Source material
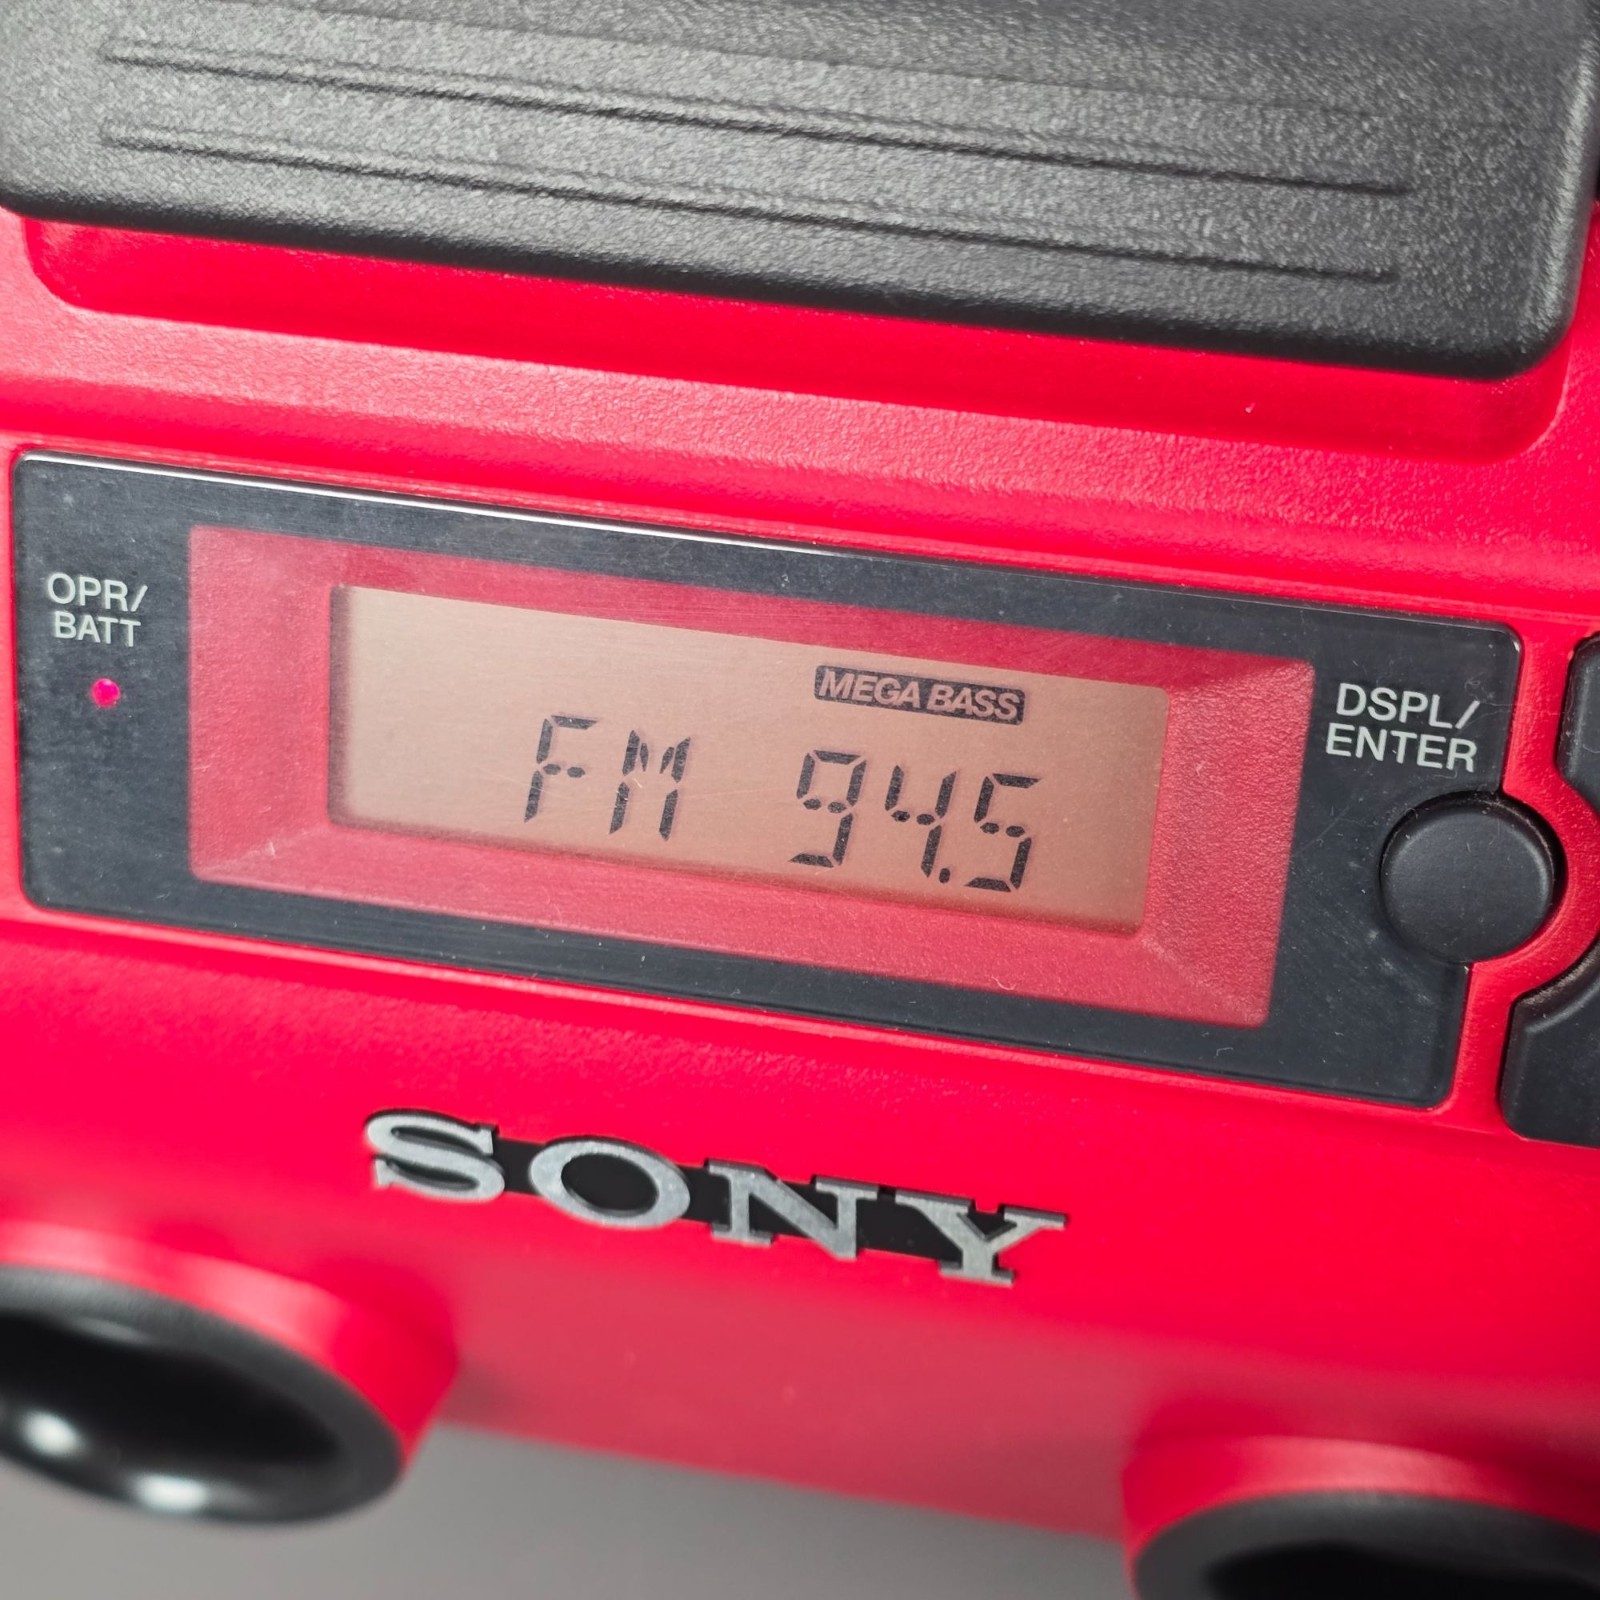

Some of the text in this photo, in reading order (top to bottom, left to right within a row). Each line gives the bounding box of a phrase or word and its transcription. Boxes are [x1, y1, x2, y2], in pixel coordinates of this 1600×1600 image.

[47, 572, 148, 612] OPR/
[54, 610, 141, 647] BATT
[818, 668, 1021, 722] MEGA BASS
[1336, 682, 1481, 730] DSPL/
[1325, 722, 1477, 773] ENTER
[524, 715, 1042, 892] FM 94.5
[365, 1108, 1068, 1286] SONY
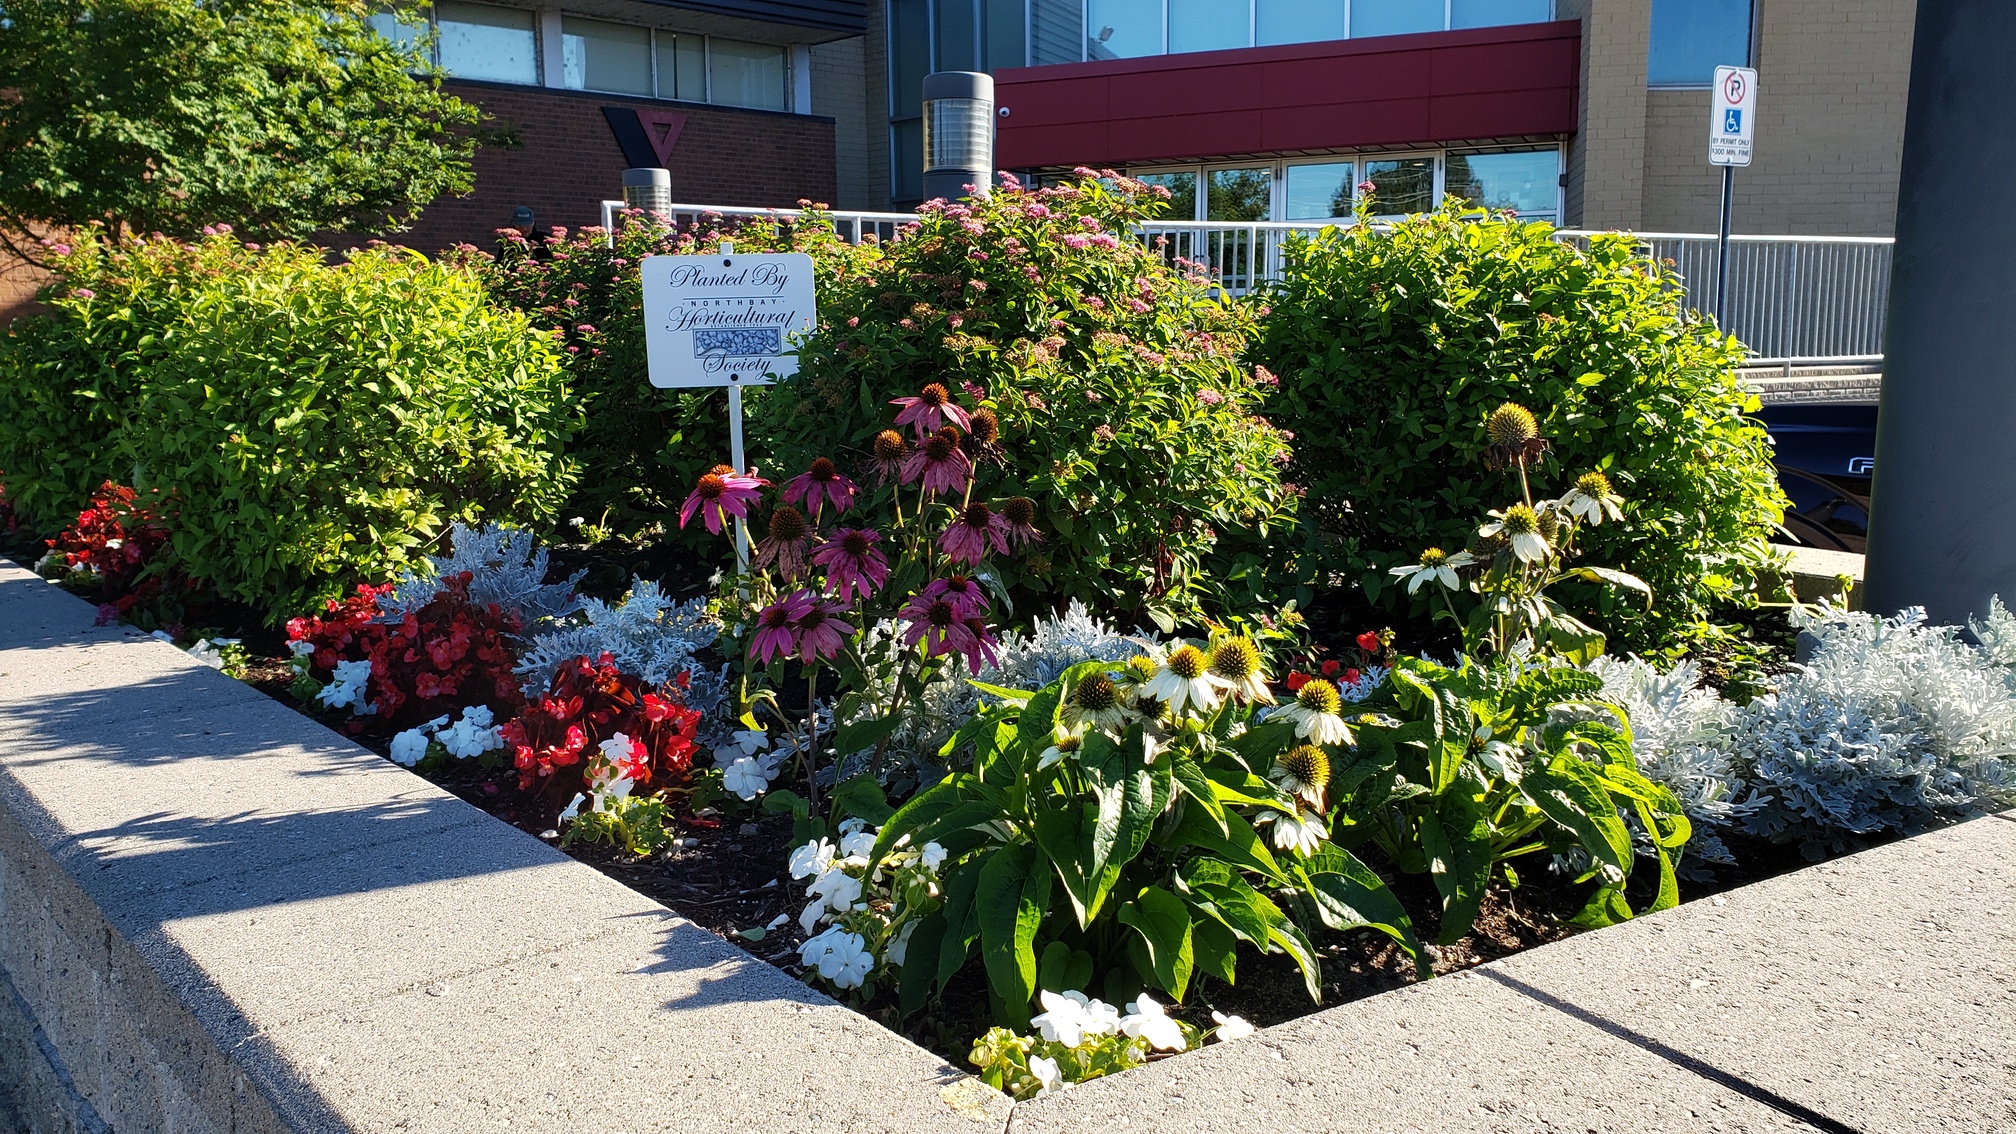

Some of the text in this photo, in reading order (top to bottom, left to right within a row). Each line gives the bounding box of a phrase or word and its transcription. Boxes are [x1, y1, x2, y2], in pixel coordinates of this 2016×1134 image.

[1712, 137, 1719, 145] BY
[1720, 137, 1737, 146] PERMIT
[670, 262, 790, 295] Planted By
[665, 306, 796, 332] Horticultural
[702, 352, 773, 381] Society

Problem requirements
Take the line that contains "this 2016×1134 image." and every line after it through the end of the listing above, and repeat them exactly.

Answer box
Some of the text in this photo, in reading order (top to bottom, left to right within a row). Each line gives the bounding box of a phrase or word and its transcription. Boxes are [x1, y1, x2, y2], in pixel coordinates of this 2016×1134 image.

[1712, 137, 1719, 145] BY
[1720, 137, 1737, 146] PERMIT
[670, 262, 790, 295] Planted By
[665, 306, 796, 332] Horticultural
[702, 352, 773, 381] Society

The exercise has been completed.